As the embryonic cells become more specialized and differentiate into various organs, they begin performing more specific functions relating to energy intake, storage, sensing, and expenditure. Thus, body weight emerges as a function of these processes.
Organ level
From human evolutionary feeding profiles, we regard “satiety” as the homeostatic baseline. Physiological energy needs cause periodic deviation from the baseline in the form of hunger (Figure 1B). To consolidate the origin and termination of this deviation, we frame hunger (21) as a function of four organs (Figure 1C): the stomach (initiator), the brain (executor), the pancreas and the gut (regulators). Inter-organ communication is achieved through a rapid neural (vagal) route, and a slower chemical route, mediated by the ‘actors’, namely peptides and proteins produced by the respective organs.

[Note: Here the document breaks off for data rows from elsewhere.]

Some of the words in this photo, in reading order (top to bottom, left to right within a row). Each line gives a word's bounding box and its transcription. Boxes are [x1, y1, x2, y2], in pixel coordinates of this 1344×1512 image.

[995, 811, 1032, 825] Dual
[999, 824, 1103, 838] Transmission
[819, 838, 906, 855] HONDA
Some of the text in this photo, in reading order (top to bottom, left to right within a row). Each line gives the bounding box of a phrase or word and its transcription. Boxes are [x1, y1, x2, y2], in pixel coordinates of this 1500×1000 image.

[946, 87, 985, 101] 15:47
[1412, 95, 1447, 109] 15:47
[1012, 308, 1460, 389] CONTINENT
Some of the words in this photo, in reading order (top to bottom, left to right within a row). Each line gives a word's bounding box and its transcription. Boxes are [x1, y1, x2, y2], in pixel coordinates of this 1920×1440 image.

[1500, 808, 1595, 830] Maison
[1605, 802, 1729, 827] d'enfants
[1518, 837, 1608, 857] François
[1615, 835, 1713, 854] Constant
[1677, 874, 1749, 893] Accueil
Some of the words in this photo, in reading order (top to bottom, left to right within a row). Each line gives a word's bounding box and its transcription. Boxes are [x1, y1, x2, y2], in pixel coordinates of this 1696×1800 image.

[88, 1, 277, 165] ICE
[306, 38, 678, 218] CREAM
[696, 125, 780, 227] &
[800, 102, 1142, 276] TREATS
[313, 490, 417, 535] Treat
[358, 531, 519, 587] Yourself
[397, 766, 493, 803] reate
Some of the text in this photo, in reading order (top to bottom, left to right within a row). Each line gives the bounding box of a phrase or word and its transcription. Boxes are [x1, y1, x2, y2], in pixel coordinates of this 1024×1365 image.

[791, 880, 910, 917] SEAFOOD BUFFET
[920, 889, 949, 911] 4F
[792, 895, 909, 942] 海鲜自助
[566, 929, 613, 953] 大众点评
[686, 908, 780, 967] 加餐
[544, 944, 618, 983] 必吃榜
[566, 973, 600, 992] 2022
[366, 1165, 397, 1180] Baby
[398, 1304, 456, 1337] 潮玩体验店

Stomach emptying and shrinkage lead to a loss of stretch-receptor stimulation on vagal afferents innervating it. This sets off the rapid neural signals to the brain. Falling nutrient levels trigger ghrelin (“hunger hormone”) secretion, which is the chemical signal to the brain (21).
These signals are consolidated within brain centers, notably brainstem and hypothalamus. Non-homeostatic, or hedonic factors, i.e., liking and wanting of food, are mediated by limbic and reward circuits, and influence food intake, often independent of physiological signals of hunger, satiation and satiety. These are shaped by social and emotional contexts—e.g., one would delay food intake to an appropriate time and place like lunch break, or could overeat beyond satiation (17, 21). Thus, cognitive and hedonic processes may significantly override homeostatic signals.
Communication between brain regions, e.g., hypothalamus and the cortex, occurs through neuropeptides like neuropeptide Y (NPY), orexin and Agouti-related Protein (AgRP), and smaller neurotransmitters, like Gamma Amino-Butyric Acid (GABA), glutamate and dopamine (17, 21, 22). Brain neurotransmission leads to execution of goal-directed motor activity, i.e., behavior, at the cortex and basal ganglia, leading the individual to seek and eat food (21).
As food becomes available, pancreatic insulin secretion, which starts at the cephalic phase of digestion acts as the first hunger regulator. Stomach filling and nutrient availability activate stretch and inhibit ghrelin, terminating hunger signals. Food then moves through the gut, which acts as the second hunger regulator via gut distension(neural) and gut peptides (chemical, e.g., cholecystokinin—CCK, incretins and Peptide YY), which signal satiation to the brain, leading the individual to stop eating food. Central satiety regulation involves neuropeptides like alpha-Melanocyte Stimulating Hormone (αMSH) and neurotransmitters like serotonin (17, 21, 22).
Beyond hunger and satiation, a larger network of organs governs the subsequent events of satiety, energy storage and expenditure. The adipose tissue provides tonic energy availability signals through adipokines like leptin and adiponectin, sustaining inter-meal satiety (21, 23). The gut microbiome contributes to satiety through its metabolites like bile acids and short chain fatty acids (SCFA) that maintain gut epithelial and immunological integrity (23). Energy may be utilized or stored based on need dictated by requirements of the various components of energy expenditure (i.e., resting metabolism, physical activity and digestion) (24). The liver and skeletal muscle produce proteins like fibroblast growth factor 21 (FGF21) and myokines, which facilitate energy expenditure (23–25). Nutrient sensing through specialized receptors occurs throughout, guiding how signals of energy need and availability are generated and interpreted (26).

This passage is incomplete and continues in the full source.